Running your Spark Application on OCI Data Flow¶
Submit your code to Data Flow for workloads that require larger resources.
Notebook Extension¶
For most Notebook users, local or OCI Notebook Sessions, the notebook extension is the most straightforward integration with dataflow. It’s a “Set It and Forget It” API with options to update ad-hoc. You can configure your dataflow runs by running ads opctl configure
in the terminal.
After setting up your dataflow config, you can return to the Notebook. Import ads
and DataFlowConfig
:
import ads
from ads.jobs.utils import DataFlowConfig
Load the dataflow extension inside the notebook cell -
%load_ext ads.jobs.extension
Define config. If you have not yet configured your dataflow setting, or would like to amend the defaults, you can modify as shown below:
dataflow_config = DataFlowConfig()
dataflow_config.compartment_id = "ocid1.compartment.<your compartment ocid>"
dataflow_config.driver_shape = "VM.Standard.E4.Flex"
dataflow_config.driver_shape_config = oci.data_flow.models.ShapeConfig(ocpus=2, memory_in_gbs=32)
dataflow_config.executor_shape = "VM.Standard.E4.Flex"
dataflow_config.executor_shape_config = oci.data_flow.models.ShapeConfig(ocpus=4, memory_in_gbs=64)
dataflow_config.logs_bucket_uri = "oci://<my-bucket>@<my-tenancy>/"
dataflow_config.spark_version = "3.2.1"
dataflow_config.configuration = {"spark.driver.memory": "512m"}
dataflow_config.private_endpoint_id = "ocid1.dataflowprivateendpoint.oc1.iad.<your private endpoint ocid>"
# For using Data Flow Pools
# dataflow_config.poolId = "ocid1.dataflowpool.oc1..<unique_ocid>"

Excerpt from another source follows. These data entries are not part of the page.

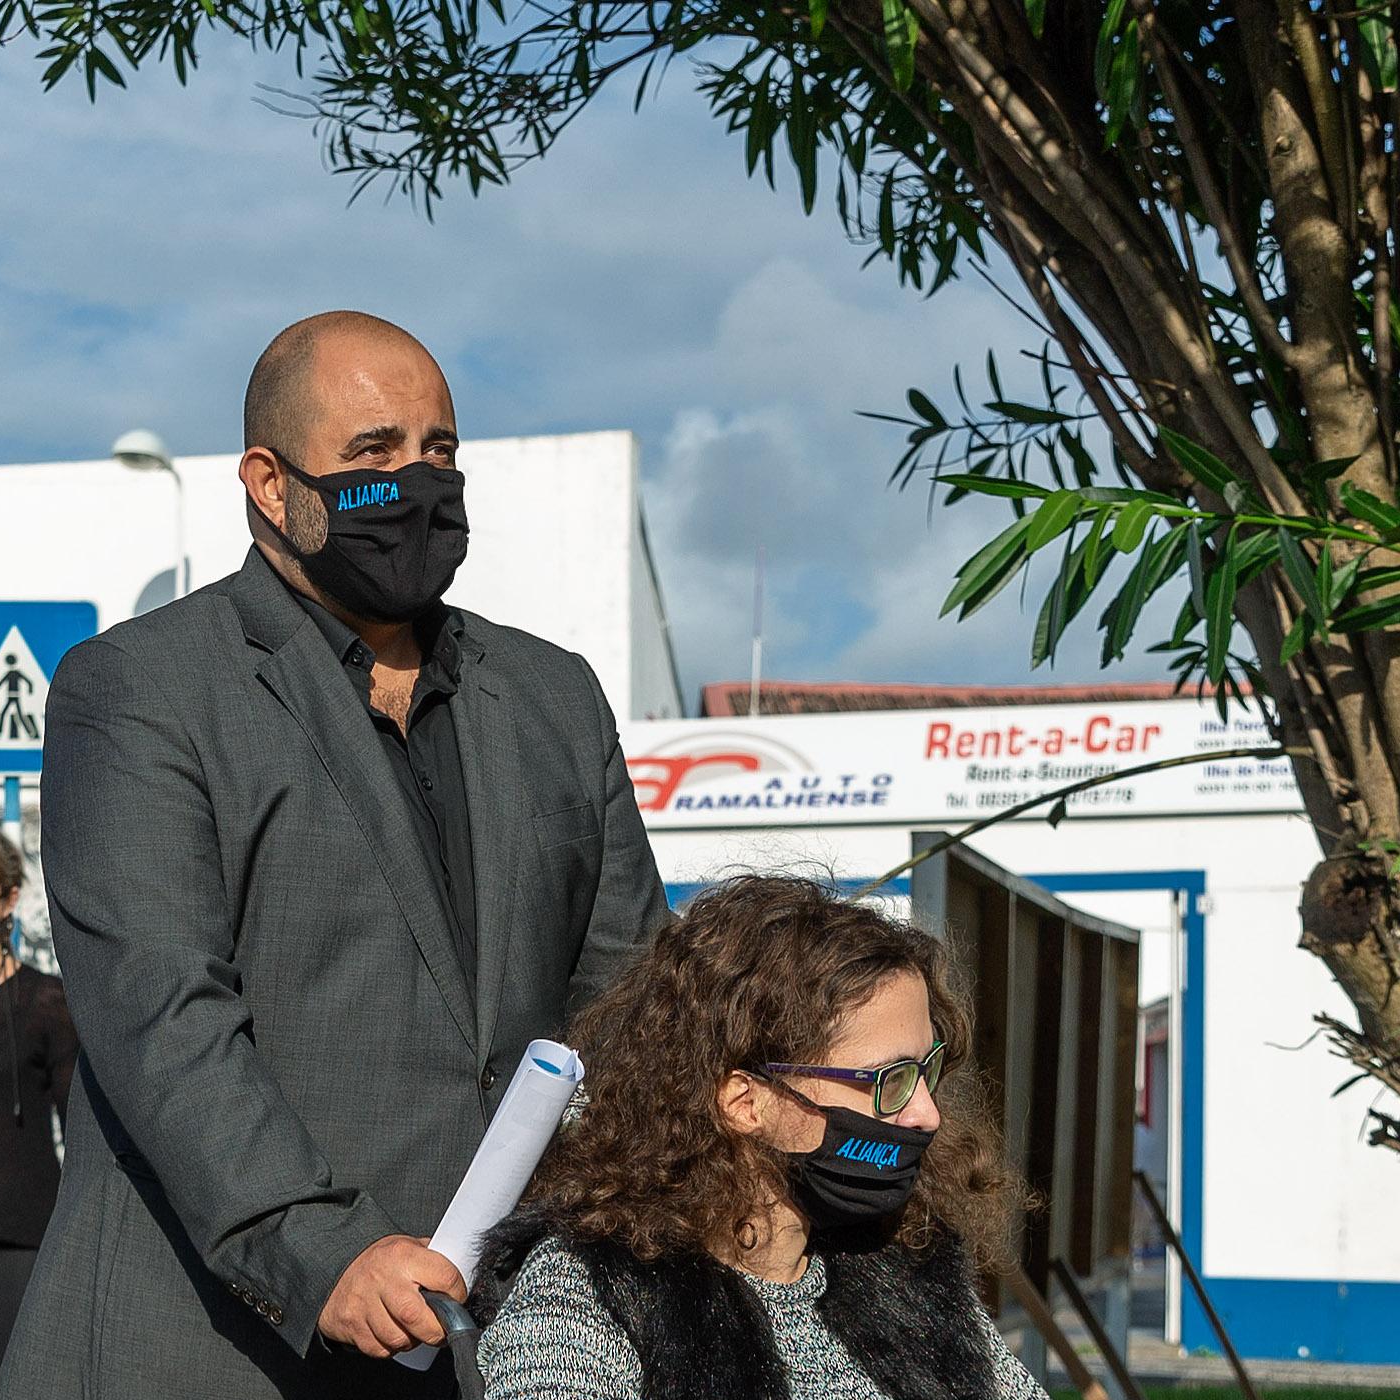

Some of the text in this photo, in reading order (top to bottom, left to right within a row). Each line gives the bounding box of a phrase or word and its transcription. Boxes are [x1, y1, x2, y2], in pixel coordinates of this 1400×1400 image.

[338, 482, 399, 511] ALIANÇA
[924, 714, 1162, 760] Rent-a-Car
[764, 773, 893, 790] AUTO
[674, 791, 890, 811] RAMALHENSE
[836, 1138, 901, 1170] ALIANÇA

Use the config defined above to submit the cell.
Tip :class: note
Get more information about the dataflow extension by running %dataflow -h
Call the dataflow magic command in the first line of your cell to run it on dataflow.
%%dataflow run -f a_script.py -c {dataflow_config} -w -o -- abc -l 5 -v
This header will:
- save the cell as a file called script.py
and store it in your dataflow_config.script_bucket
- After the --
notation, all parameters are sent to your script. For example abc
is a positional argument, and l
and v
are named arguments.
Below is a full example:
%%dataflow run -f a_script.py -c {dataflow_config} -w -o -- abc -l 5 -v
from pyspark.sql import SparkSession
import click
@click.command()
@click.argument("app_name")
@click.option(
"--limit", "-l", help="max number of rows to print", default=10, required=False
)
@click.option("--verbose", "-v", help="print out result in verbose mode", is_flag=True)
def main(app_name, limit, verbose):
# Create a Spark session
spark = SparkSession.builder.appName(app_name).getOrCreate()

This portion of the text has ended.